I also made up what was intended to be a late lunch of two salami rolls with lettuce, a few cherries, water and pepsi and set off parking by the entrance to Roker Park on what had become a glorious morning. With my camera I crossed walked to the wooden white Bridge, down the Eastern pathway across and up the West boundary again before taking the route towards the Park warden's Lodge, the Bandstand and into the bottom of the ravine. While the purpose of my second circuit within two days was to take photographs I had the opportunity to review my written recordings from yesterday. The main discovery has been to work out what I believe is a recent extension to the passenger carrying miniature railway covering the land where the rabbits had been allowed to become rampant. The second correction is that the Park Keeper's Lodge was much smaller from the brief perspective at a distance yesterday and my previous memory. The third is while several of the vertical floral displays centring the oblong and triangular beds had the tiered wedding cake structure a majority in the park contained not one but two vertical posts topped by large floral tree baskets. This reinforced my understanding of the relativity of perception with MD Vernon's book The Psychology of Perception the 1962 Pelican first edition and Ian Hunter's Memory, Facts and Fallacies a 1962 Pelican reprint of his 1957 my original source books. When I write for my own interest and entertainment and for future recollection when I can no longer walk the walks pin point accuracy is not of importance. Once the writing is published in any form and made available for one other person to read some day who might use the information to make a similar journey, quote a description, or create their own mental picture then there is responsibility to make the writing as objectively accurate, separating the factual information from individual judgements and impressions.
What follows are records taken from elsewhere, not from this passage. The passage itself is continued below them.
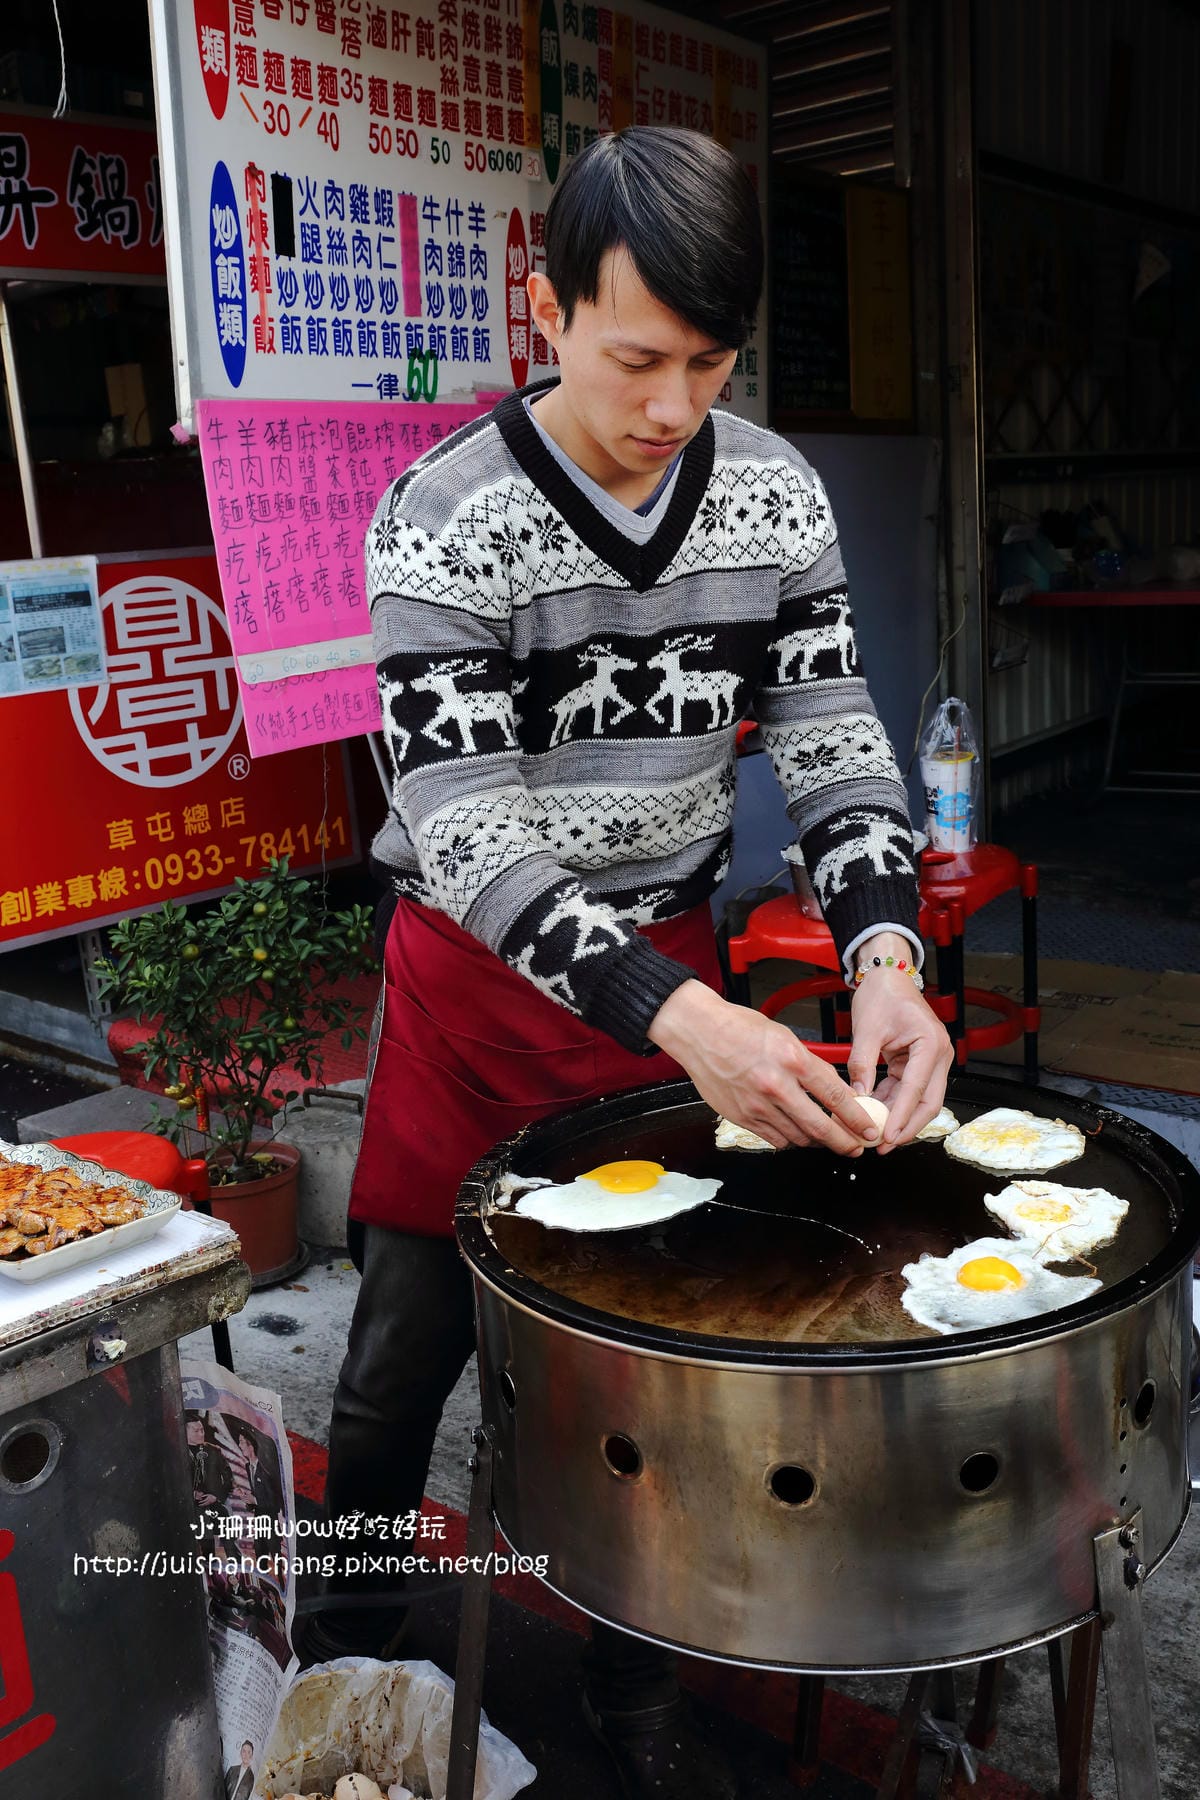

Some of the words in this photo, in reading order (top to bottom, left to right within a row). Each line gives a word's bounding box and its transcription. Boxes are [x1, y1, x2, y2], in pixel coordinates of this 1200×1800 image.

[202, 27, 229, 77] 類
[341, 68, 363, 104] 35
[391, 10, 414, 123] 肝麵
[461, 0, 483, 138] 燒意麵
[263, 100, 291, 137] 30
[317, 111, 340, 152] 40
[368, 122, 393, 155] 50
[396, 127, 420, 159] 50
[430, 136, 451, 165] 50
[464, 141, 487, 173] 50
[211, 203, 246, 347] 炒飯類
[297, 175, 330, 357] 火腿炒飯
[324, 179, 354, 358] 肉絲炒飯
[349, 183, 379, 359] 雞肉炒飯
[374, 186, 403, 360] 蝦仁炒飯
[422, 194, 448, 362] 牛肉炒飯
[445, 197, 471, 363] 什錦炒飯
[468, 201, 491, 364] 羊肉炒飯
[507, 243, 529, 361] 炒麵類
[351, 372, 400, 400] 一律
[106, 797, 247, 852] 草屯總店
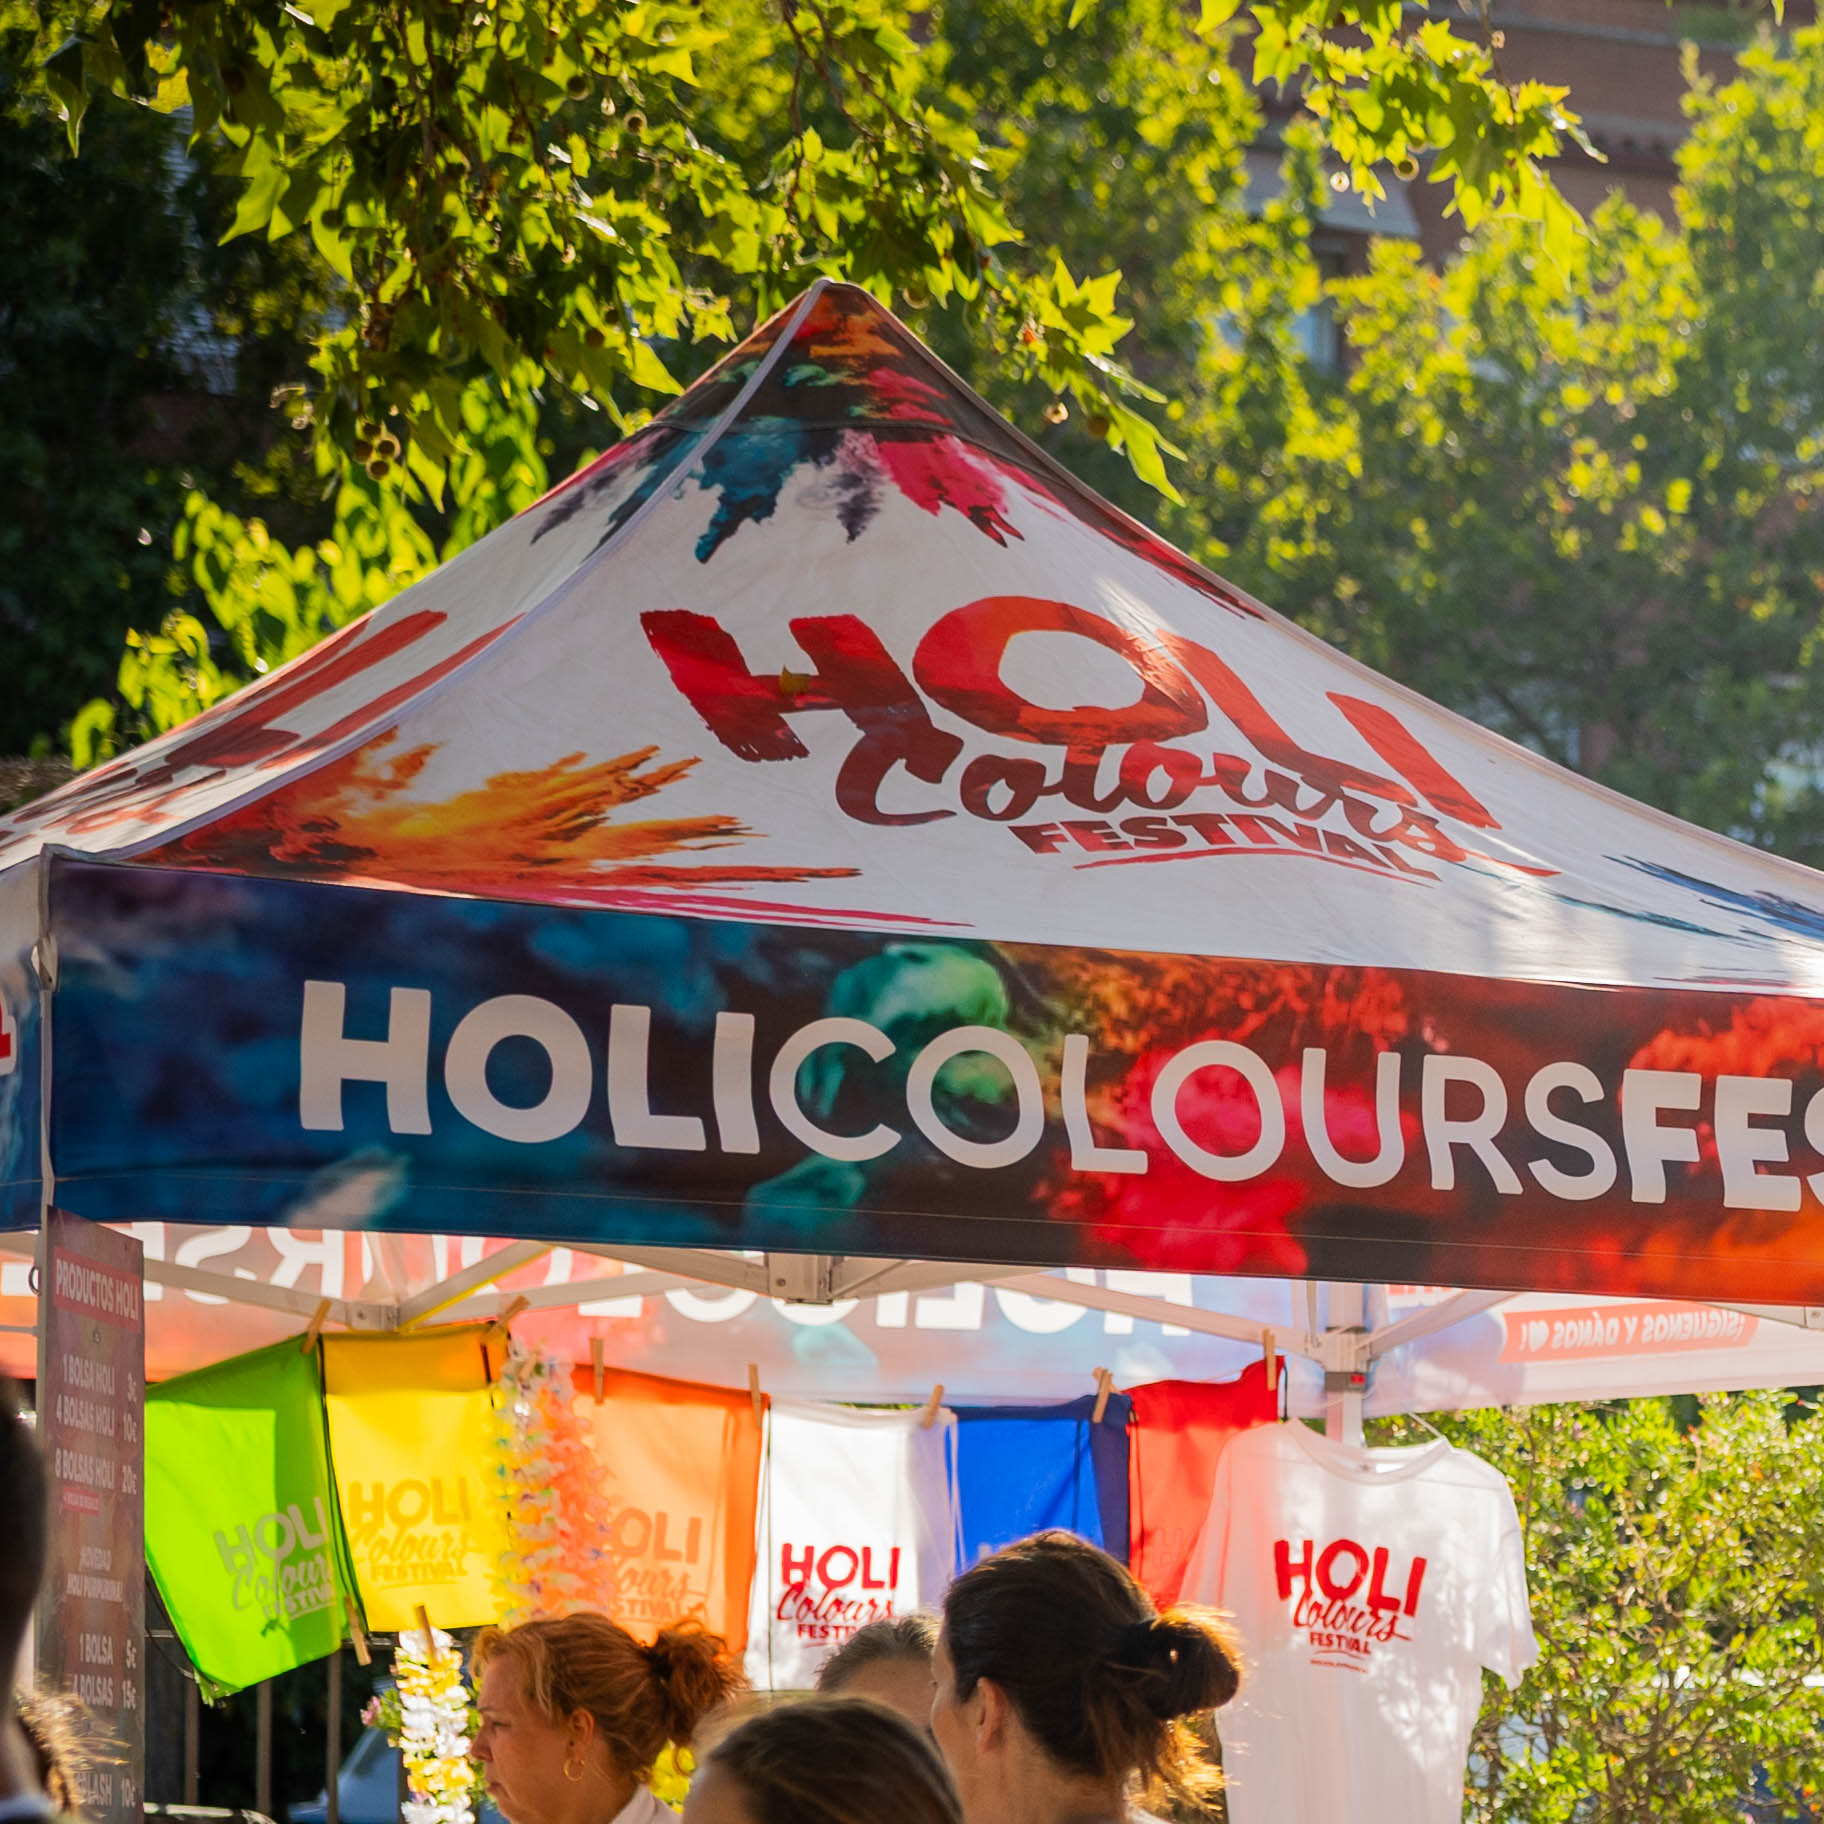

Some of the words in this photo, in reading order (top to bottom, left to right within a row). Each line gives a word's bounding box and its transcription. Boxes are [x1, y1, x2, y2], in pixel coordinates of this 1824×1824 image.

[639, 595, 1502, 830] HOLI
[836, 721, 1562, 876] Colours
[1008, 813, 1441, 881] FESTIVAL
[56, 1258, 114, 1313] PRODUCTOS
[115, 1279, 139, 1321] HOLI
[68, 1356, 95, 1391] BOLSA
[95, 1363, 115, 1396] HOLI
[56, 1394, 62, 1423] 4
[63, 1396, 94, 1433] BOLSAS
[95, 1404, 115, 1437] HOLI
[63, 1449, 93, 1485] BOLSAS
[95, 1458, 115, 1490] HOLI
[349, 1478, 472, 1529] HOLI
[214, 1496, 329, 1576] HOLI
[612, 1507, 702, 1565] OLI
[370, 1561, 468, 1582] FESTIVAL
[781, 1543, 900, 1590] HOLI
[1274, 1538, 1427, 1617] HOLI
[85, 1632, 113, 1666] BOLSA
[1310, 1631, 1371, 1655] FESTIVAL
[80, 1674, 113, 1708] BOLSAS
It is also important not to assume the accuracy of the information provided by others however reputable the sources, with the recent example the BBC statement that the Whitburn Windmill had become the responsibility of South Tyneside Council several years before in fact the local authority came into being.
Given the early morning solitude and the brightness of the sun was a splendid walk, albeit the prologue for the morning's new stretch of the two rivers coastal which I have decided to title "Northern Rivera." I have suggested that the public accessible coastline between the two rivers is equal to that available in Cornwall, and I believe it is possible to go further and question the claim off Torbay to be the English Rivera or that of Scarborough to be the Northern, despite both having more spectacular landscapes. In my judgement it is the concentration of coastal interest, diverse parklands, two historically important rivers and three cities, each with their unique and special characteristic all with thirty to forty five minutes of each other and then within a comparatively short drive beautiful, isolated, wild landscapes in every direction from sand dune backed beaches, majestic castles, to great stretches of forest, water, moorland and highland. Grand country house estates and picturesque countryside villages, all available within a day.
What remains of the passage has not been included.